[TASK OBJECTIVE]
Your task is to restate the listing word for word without the pictures.

[AVAILABLE RECORDS]
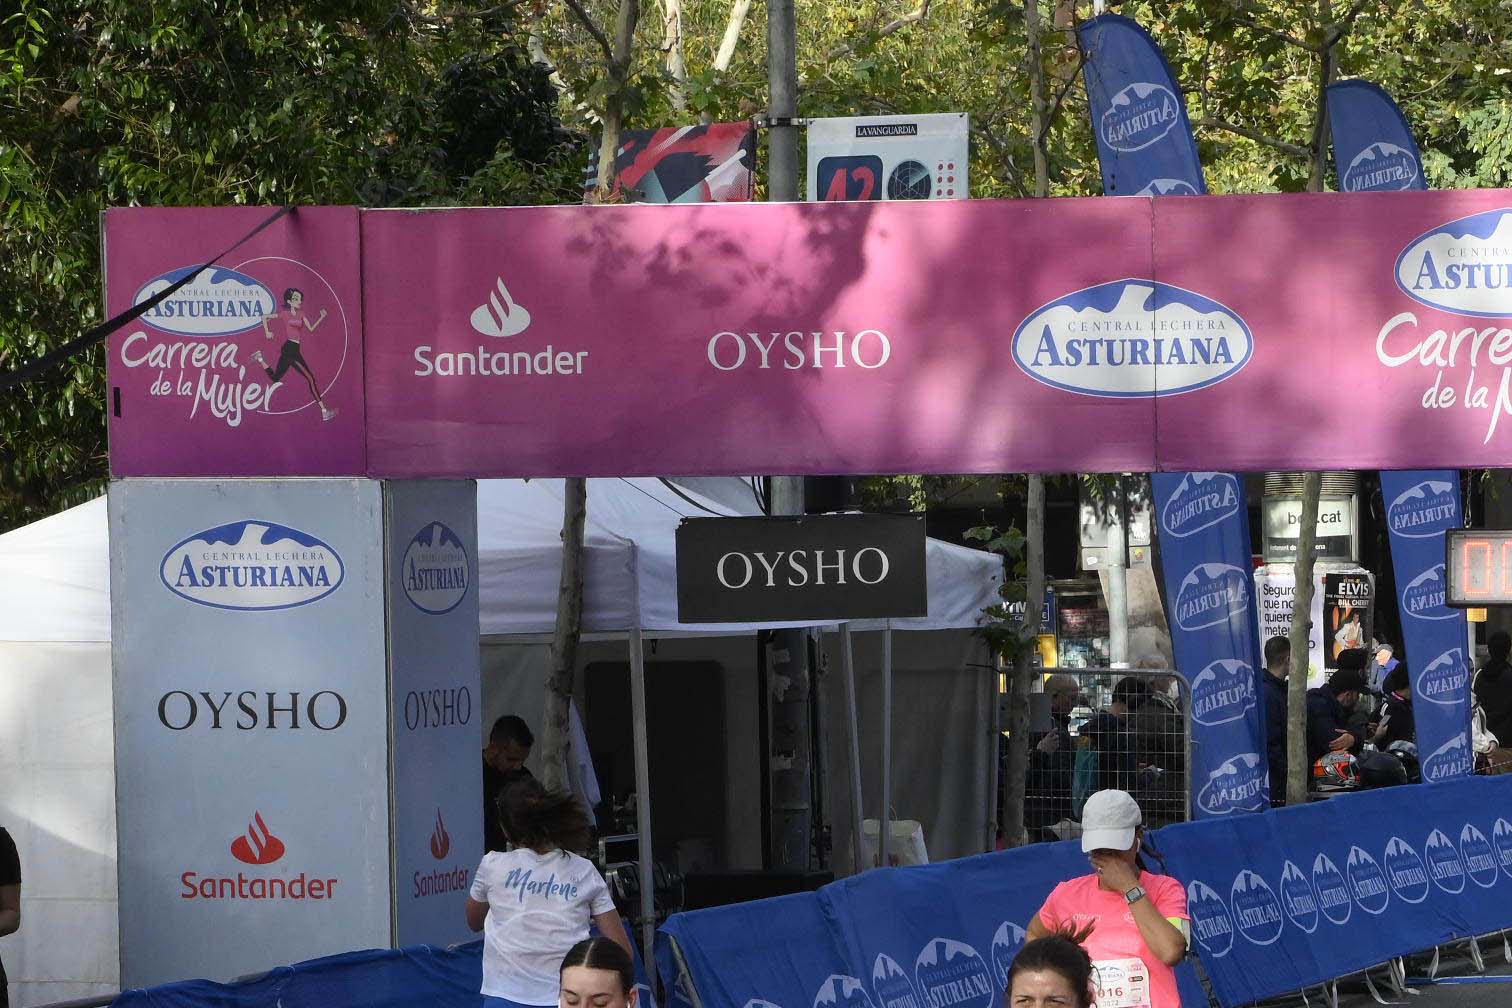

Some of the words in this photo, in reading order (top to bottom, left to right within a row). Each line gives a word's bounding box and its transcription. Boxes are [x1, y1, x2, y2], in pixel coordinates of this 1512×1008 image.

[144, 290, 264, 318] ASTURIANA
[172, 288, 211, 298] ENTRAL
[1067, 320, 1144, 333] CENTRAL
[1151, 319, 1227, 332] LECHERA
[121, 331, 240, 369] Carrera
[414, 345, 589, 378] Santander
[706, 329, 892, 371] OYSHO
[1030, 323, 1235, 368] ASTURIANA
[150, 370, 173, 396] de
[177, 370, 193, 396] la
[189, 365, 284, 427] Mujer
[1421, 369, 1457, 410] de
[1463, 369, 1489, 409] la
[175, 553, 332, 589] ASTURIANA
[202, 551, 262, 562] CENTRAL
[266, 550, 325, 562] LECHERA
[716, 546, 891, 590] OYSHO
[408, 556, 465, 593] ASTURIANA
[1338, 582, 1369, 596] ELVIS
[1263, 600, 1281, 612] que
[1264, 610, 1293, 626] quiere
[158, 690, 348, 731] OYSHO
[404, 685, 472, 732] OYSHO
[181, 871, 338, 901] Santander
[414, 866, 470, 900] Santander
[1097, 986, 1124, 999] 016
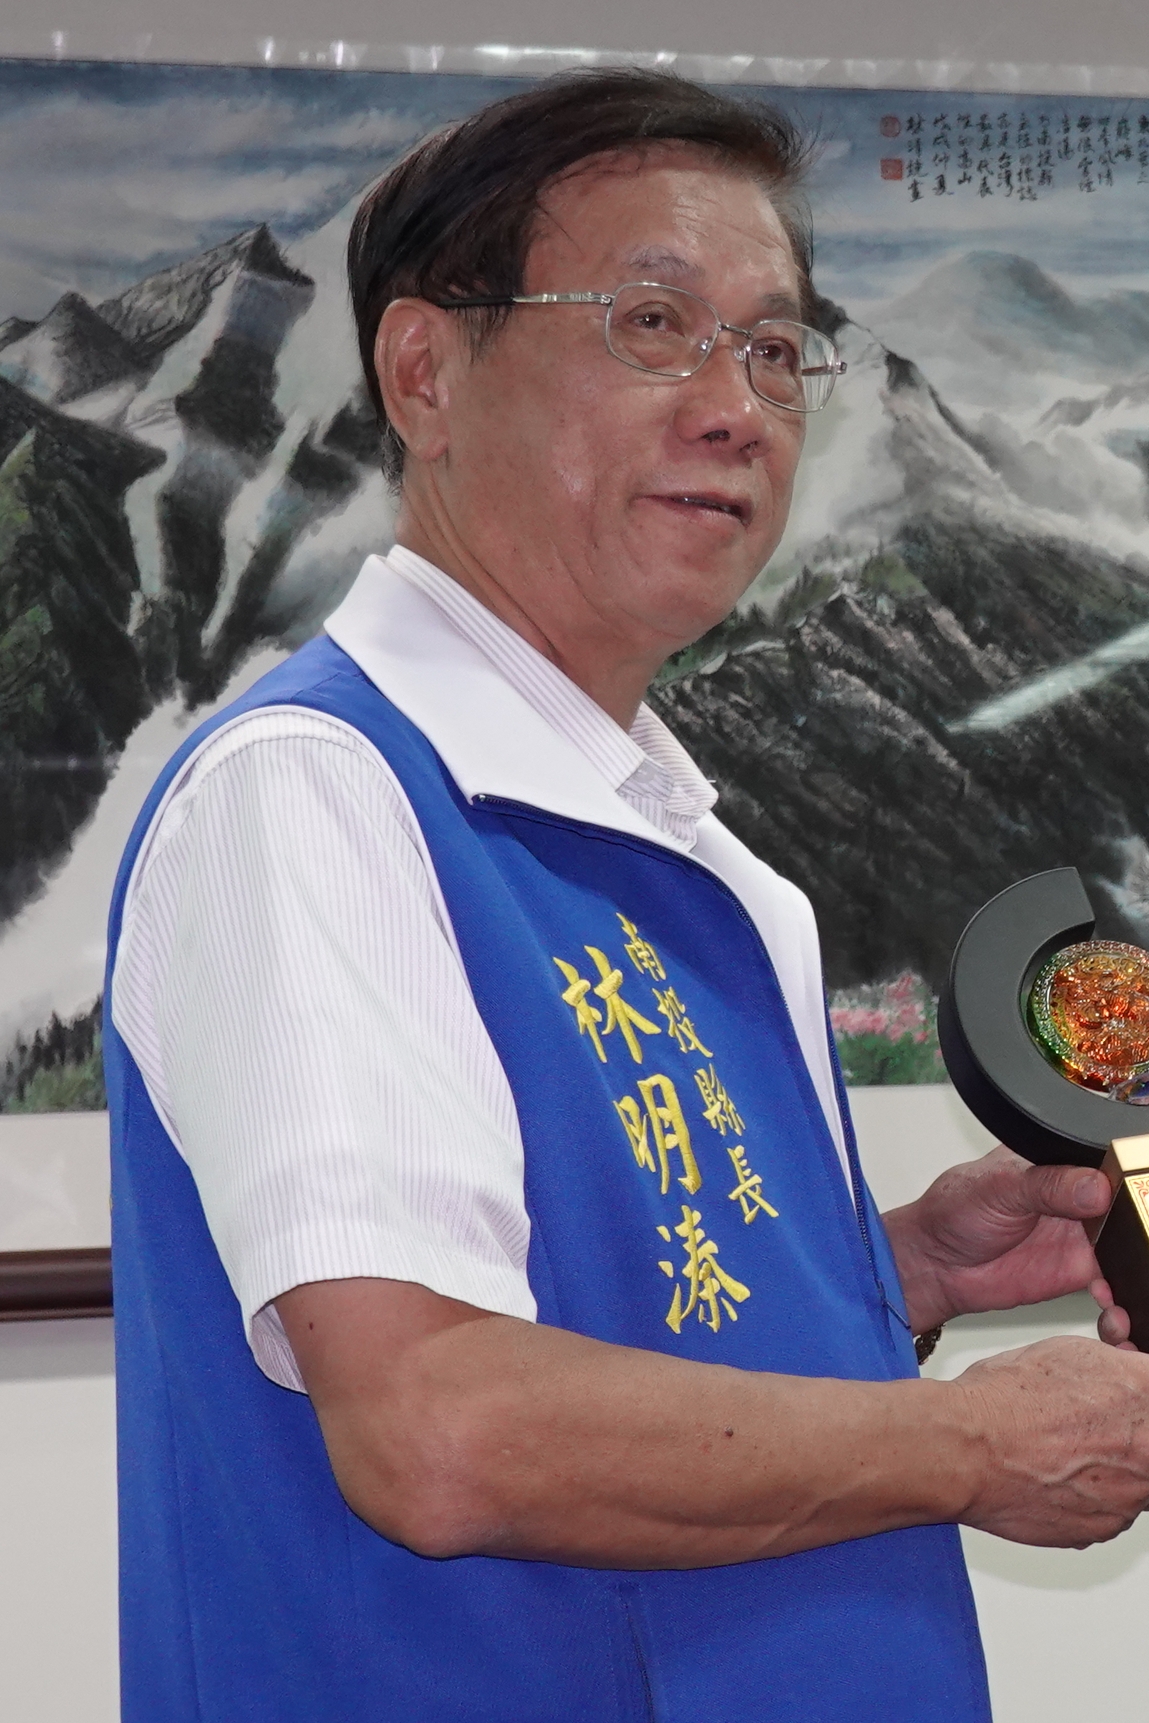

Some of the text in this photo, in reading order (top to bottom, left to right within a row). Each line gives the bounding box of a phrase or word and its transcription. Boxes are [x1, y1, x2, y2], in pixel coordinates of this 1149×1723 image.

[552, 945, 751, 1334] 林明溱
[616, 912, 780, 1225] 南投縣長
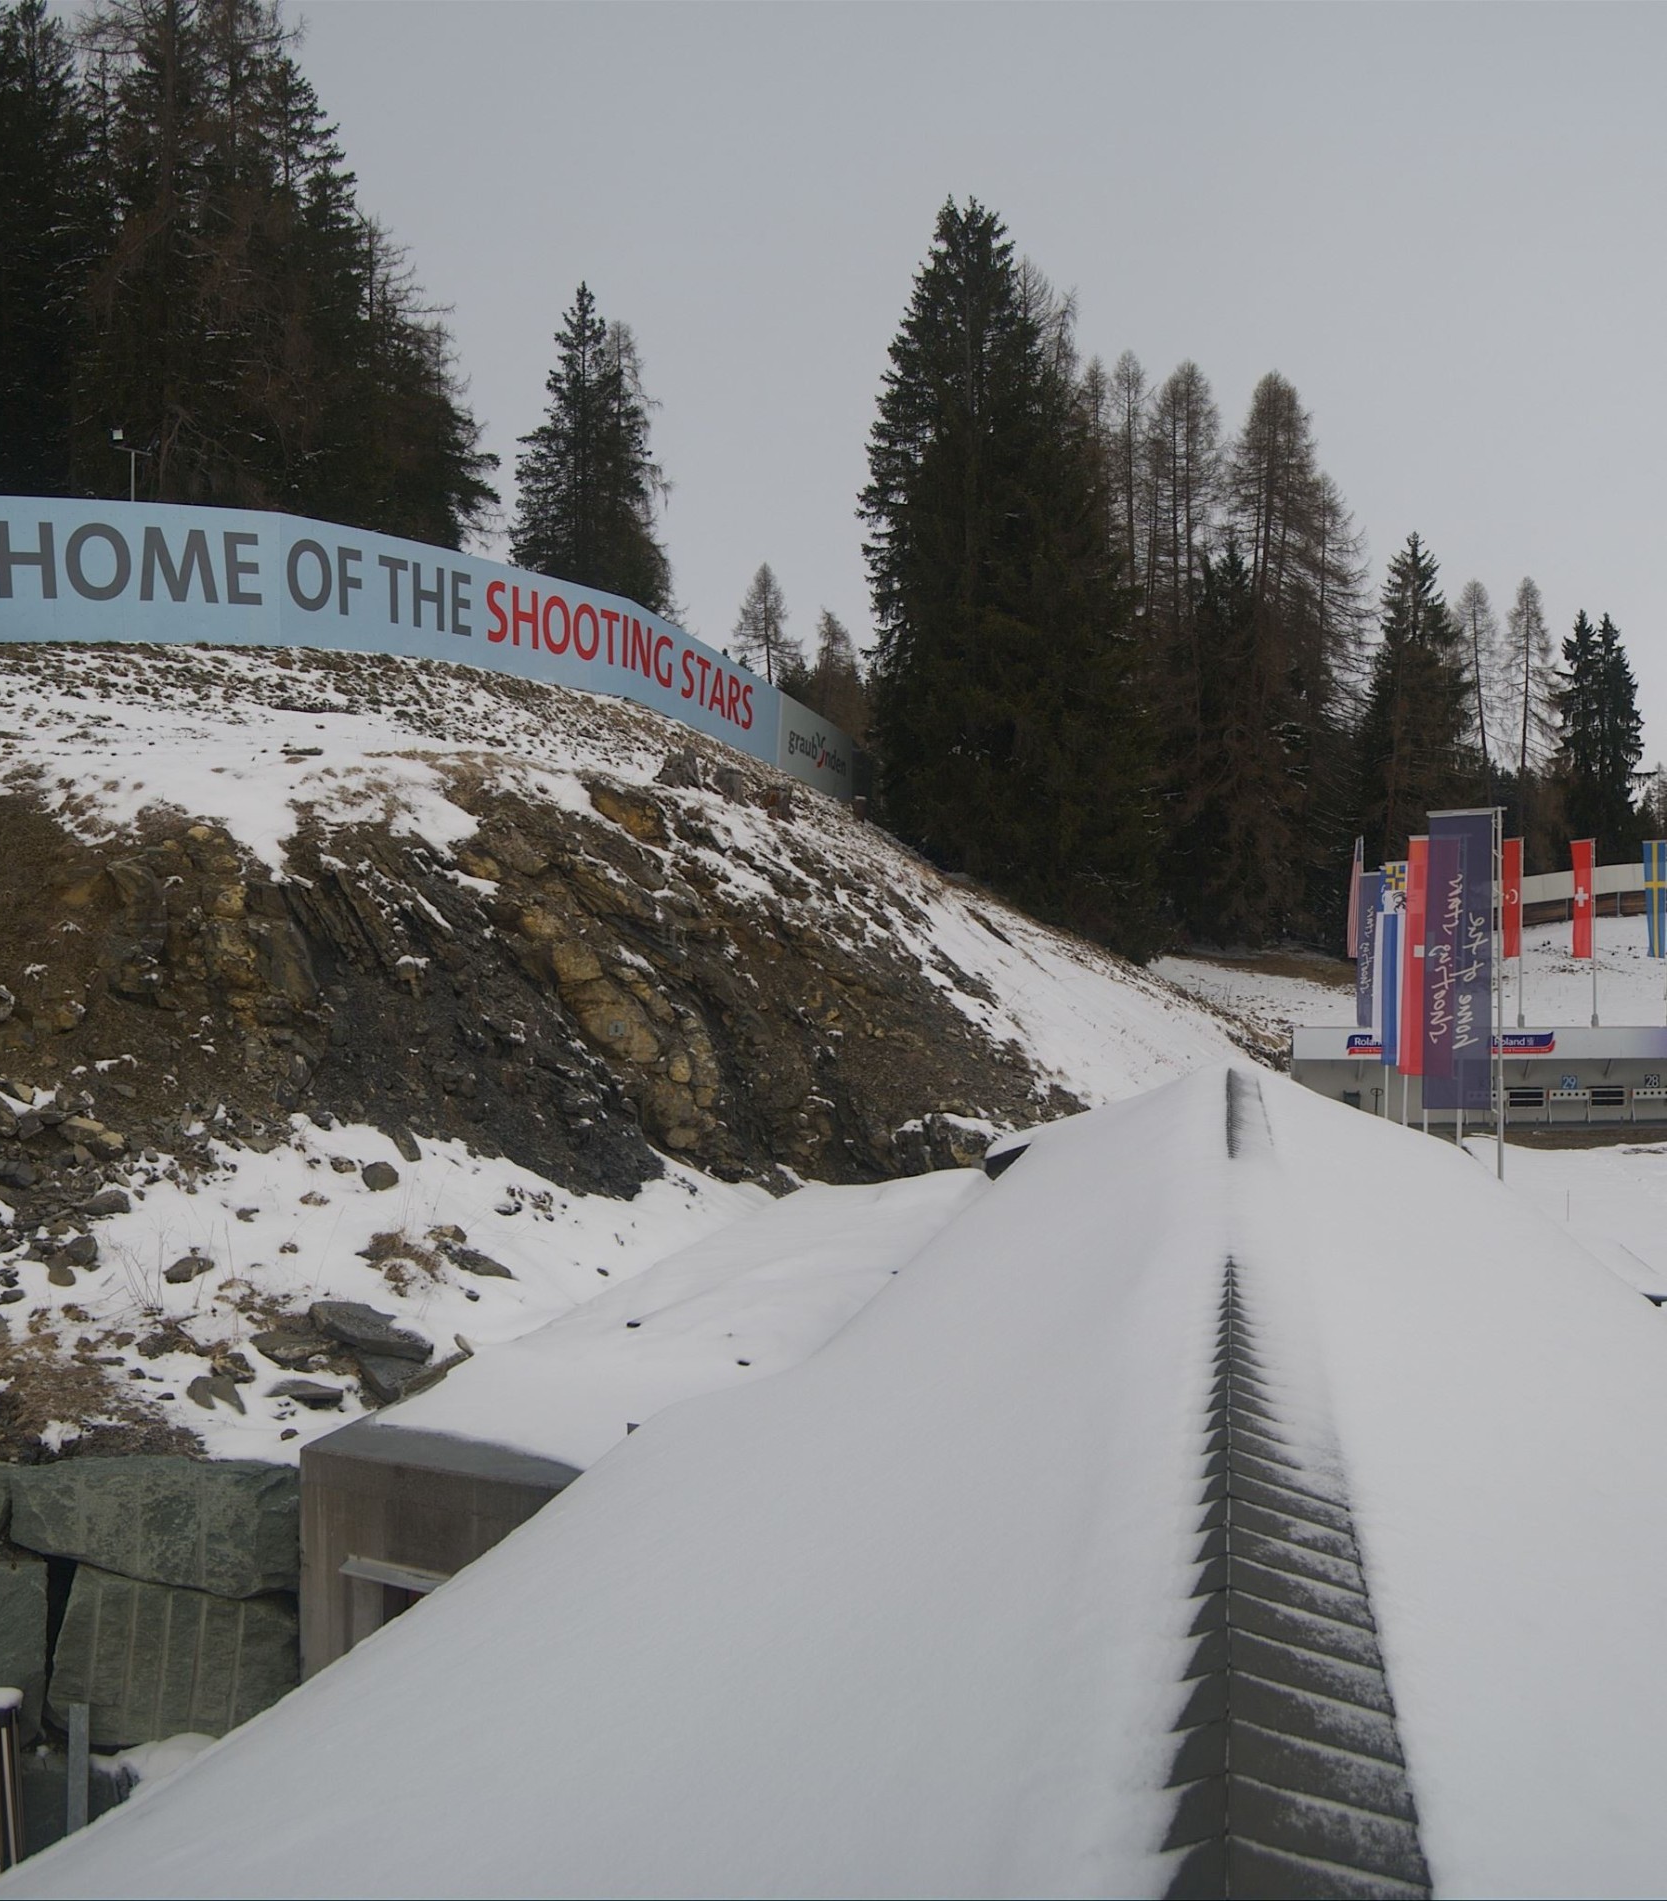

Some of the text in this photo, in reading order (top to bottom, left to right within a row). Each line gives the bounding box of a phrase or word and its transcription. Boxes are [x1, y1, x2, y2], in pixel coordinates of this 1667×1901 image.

[PROBLEM SOLUTION]
Some of the words in this photo, in reading order (top to bottom, left to right within a row). Each line gives a word's bounding box and its transcription. Boxes are [x1, y1, x2, y2], in pixel coordinates of this 1512×1008 image.

[144, 290, 264, 318] ASTURIANA
[172, 288, 211, 298] ENTRAL
[1067, 320, 1144, 333] CENTRAL
[1151, 319, 1227, 332] LECHERA
[121, 331, 240, 369] Carrera
[414, 345, 589, 378] Santander
[706, 329, 892, 371] OYSHO
[1030, 323, 1235, 368] ASTURIANA
[150, 370, 173, 396] de
[177, 370, 193, 396] la
[189, 365, 284, 427] Mujer
[1421, 369, 1457, 410] de
[1463, 369, 1489, 409] la
[175, 553, 332, 589] ASTURIANA
[202, 551, 262, 562] CENTRAL
[266, 550, 325, 562] LECHERA
[716, 546, 891, 590] OYSHO
[408, 556, 465, 593] ASTURIANA
[1338, 582, 1369, 596] ELVIS
[1263, 600, 1281, 612] que
[1264, 610, 1293, 626] quiere
[158, 690, 348, 731] OYSHO
[404, 685, 472, 732] OYSHO
[181, 871, 338, 901] Santander
[414, 866, 470, 900] Santander
[1097, 986, 1124, 999] 016

Some of the text in this photo, in reading order (top to bottom, left to right within a row). Each line gives the bounding box of a phrase or word and its transcription. Boxes are [x1, y1, x2, y2], in pixel coordinates of this 1149×1723 image.

[552, 945, 751, 1334] 林明溱
[616, 912, 780, 1225] 南投縣長

Some of the text in this photo, in reading order (top to bottom, left to right within a row). Each line gives the bounding box of a phrase or word and its transcription. Boxes are [x1, y1, x2, y2], in pixel coordinates of this 1667×1901 image.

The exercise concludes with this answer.